> _Task brief_: Output each line from the one that contains "this 2212×1659 image." to the final line of the data below, exactly, and include nothing else.

> _Data shown_:
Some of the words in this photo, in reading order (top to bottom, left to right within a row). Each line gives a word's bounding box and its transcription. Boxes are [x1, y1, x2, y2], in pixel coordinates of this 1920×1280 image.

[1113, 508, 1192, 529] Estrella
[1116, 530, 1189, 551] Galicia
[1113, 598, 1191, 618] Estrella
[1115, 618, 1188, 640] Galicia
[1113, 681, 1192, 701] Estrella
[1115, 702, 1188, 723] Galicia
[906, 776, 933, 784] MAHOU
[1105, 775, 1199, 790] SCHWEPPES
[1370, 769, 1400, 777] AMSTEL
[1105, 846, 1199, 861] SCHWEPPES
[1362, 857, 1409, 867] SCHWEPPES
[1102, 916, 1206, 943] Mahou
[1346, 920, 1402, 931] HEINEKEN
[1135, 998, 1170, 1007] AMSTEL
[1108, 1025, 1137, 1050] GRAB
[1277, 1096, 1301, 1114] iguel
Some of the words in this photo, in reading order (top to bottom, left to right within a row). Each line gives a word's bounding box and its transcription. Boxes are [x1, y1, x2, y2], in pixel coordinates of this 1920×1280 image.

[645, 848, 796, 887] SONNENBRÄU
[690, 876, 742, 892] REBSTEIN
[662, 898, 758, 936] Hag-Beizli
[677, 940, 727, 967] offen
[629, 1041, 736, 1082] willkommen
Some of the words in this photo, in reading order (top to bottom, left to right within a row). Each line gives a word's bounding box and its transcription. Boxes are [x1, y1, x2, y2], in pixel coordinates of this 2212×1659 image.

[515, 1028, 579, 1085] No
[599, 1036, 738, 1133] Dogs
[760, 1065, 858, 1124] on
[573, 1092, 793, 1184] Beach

> _Written solution_:
Some of the words in this photo, in reading order (top to bottom, left to right within a row). Each line gives a word's bounding box and its transcription. Boxes are [x1, y1, x2, y2], in pixel coordinates of this 2212×1659 image.

[515, 1028, 579, 1085] No
[599, 1036, 738, 1133] Dogs
[760, 1065, 858, 1124] on
[573, 1092, 793, 1184] Beach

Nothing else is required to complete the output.